■ ABOUT THIS TASK
Give back exactly the line containing "Some of the text" together with all the lines after it, ending at the final line below.

========================================

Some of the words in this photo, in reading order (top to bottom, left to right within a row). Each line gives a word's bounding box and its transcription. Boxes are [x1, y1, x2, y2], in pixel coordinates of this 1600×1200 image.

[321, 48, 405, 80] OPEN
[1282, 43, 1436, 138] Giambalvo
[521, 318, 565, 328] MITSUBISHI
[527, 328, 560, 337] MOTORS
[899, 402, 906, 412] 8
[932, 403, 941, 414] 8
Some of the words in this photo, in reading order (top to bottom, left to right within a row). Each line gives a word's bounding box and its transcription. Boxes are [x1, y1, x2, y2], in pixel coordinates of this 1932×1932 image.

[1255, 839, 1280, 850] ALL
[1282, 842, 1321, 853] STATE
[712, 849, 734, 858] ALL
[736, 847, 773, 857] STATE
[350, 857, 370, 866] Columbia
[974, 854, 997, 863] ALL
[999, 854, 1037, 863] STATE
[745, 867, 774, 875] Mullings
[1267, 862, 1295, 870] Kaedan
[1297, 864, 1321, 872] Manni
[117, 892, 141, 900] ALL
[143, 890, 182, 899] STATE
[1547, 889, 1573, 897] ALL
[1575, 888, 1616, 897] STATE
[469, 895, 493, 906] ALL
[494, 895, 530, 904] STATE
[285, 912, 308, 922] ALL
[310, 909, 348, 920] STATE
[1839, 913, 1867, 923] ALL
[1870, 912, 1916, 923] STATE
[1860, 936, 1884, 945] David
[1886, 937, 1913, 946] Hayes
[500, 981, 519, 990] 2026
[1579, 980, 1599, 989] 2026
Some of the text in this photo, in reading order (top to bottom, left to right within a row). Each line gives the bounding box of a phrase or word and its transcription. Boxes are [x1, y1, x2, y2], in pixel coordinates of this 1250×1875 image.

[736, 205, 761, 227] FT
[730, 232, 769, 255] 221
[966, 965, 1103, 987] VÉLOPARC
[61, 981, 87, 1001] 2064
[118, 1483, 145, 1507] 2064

========================================

■ RESULT FOR THIS TASK
Some of the text in this photo, in reading order (top to bottom, left to right within a row). Each line gives the bounding box of a phrase or word and its transcription. Boxes are [x1, y1, x2, y2], in pixel coordinates of this 1250×1875 image.

[736, 205, 761, 227] FT
[730, 232, 769, 255] 221
[966, 965, 1103, 987] VÉLOPARC
[61, 981, 87, 1001] 2064
[118, 1483, 145, 1507] 2064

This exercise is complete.